- _WORK TO BE COMPLETED_: Without changing a single word, restate the entries below.

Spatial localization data
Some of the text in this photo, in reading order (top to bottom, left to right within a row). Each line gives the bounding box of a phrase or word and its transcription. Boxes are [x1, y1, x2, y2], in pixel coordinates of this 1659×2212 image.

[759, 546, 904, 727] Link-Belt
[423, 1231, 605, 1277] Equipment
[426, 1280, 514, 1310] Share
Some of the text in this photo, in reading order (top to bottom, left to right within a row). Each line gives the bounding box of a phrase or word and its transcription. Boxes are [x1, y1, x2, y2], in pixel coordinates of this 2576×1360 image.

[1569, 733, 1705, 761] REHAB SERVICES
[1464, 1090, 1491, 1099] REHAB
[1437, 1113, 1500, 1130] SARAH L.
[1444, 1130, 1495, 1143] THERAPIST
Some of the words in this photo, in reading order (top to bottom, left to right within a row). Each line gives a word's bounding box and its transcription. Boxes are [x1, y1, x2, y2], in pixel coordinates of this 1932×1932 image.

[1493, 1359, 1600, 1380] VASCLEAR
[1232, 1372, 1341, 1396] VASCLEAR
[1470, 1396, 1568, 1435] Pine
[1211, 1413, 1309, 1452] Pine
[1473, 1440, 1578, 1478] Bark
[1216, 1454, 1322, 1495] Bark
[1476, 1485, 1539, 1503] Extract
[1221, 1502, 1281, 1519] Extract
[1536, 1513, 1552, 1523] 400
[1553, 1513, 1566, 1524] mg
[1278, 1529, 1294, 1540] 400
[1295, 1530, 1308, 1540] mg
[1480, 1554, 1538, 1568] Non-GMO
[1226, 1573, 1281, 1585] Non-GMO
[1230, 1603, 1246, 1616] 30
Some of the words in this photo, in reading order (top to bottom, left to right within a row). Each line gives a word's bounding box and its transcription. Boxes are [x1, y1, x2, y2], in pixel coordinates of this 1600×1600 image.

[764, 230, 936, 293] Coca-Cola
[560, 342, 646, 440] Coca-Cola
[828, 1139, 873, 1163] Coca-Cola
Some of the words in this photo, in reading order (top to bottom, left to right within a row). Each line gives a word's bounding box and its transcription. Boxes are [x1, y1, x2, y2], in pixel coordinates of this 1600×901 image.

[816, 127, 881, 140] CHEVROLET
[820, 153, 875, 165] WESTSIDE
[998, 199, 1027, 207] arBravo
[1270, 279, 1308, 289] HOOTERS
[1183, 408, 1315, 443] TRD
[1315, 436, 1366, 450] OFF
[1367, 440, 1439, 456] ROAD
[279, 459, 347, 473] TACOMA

- _WRITTEN ANSWER_:
Some of the text in this photo, in reading order (top to bottom, left to right within a row). Each line gives the bounding box of a phrase or word and its transcription. Boxes are [x1, y1, x2, y2], in pixel coordinates of this 1659×2212 image.

[759, 546, 904, 727] Link-Belt
[423, 1231, 605, 1277] Equipment
[426, 1280, 514, 1310] Share
Some of the text in this photo, in reading order (top to bottom, left to right within a row). Each line gives the bounding box of a phrase or word and its transcription. Boxes are [x1, y1, x2, y2], in pixel coordinates of this 2576×1360 image.

[1569, 733, 1705, 761] REHAB SERVICES
[1464, 1090, 1491, 1099] REHAB
[1437, 1113, 1500, 1130] SARAH L.
[1444, 1130, 1495, 1143] THERAPIST
Some of the words in this photo, in reading order (top to bottom, left to right within a row). Each line gives a word's bounding box and its transcription. Boxes are [x1, y1, x2, y2], in pixel coordinates of this 1932×1932 image.

[1493, 1359, 1600, 1380] VASCLEAR
[1232, 1372, 1341, 1396] VASCLEAR
[1470, 1396, 1568, 1435] Pine
[1211, 1413, 1309, 1452] Pine
[1473, 1440, 1578, 1478] Bark
[1216, 1454, 1322, 1495] Bark
[1476, 1485, 1539, 1503] Extract
[1221, 1502, 1281, 1519] Extract
[1536, 1513, 1552, 1523] 400
[1553, 1513, 1566, 1524] mg
[1278, 1529, 1294, 1540] 400
[1295, 1530, 1308, 1540] mg
[1480, 1554, 1538, 1568] Non-GMO
[1226, 1573, 1281, 1585] Non-GMO
[1230, 1603, 1246, 1616] 30
Some of the words in this photo, in reading order (top to bottom, left to right within a row). Each line gives a word's bounding box and its transcription. Boxes are [x1, y1, x2, y2], in pixel coordinates of this 1600×1600 image.

[764, 230, 936, 293] Coca-Cola
[560, 342, 646, 440] Coca-Cola
[828, 1139, 873, 1163] Coca-Cola
Some of the words in this photo, in reading order (top to bottom, left to right within a row). Each line gives a word's bounding box and its transcription. Boxes are [x1, y1, x2, y2], in pixel coordinates of this 1600×901 image.

[816, 127, 881, 140] CHEVROLET
[820, 153, 875, 165] WESTSIDE
[998, 199, 1027, 207] arBravo
[1270, 279, 1308, 289] HOOTERS
[1183, 408, 1315, 443] TRD
[1315, 436, 1366, 450] OFF
[1367, 440, 1439, 456] ROAD
[279, 459, 347, 473] TACOMA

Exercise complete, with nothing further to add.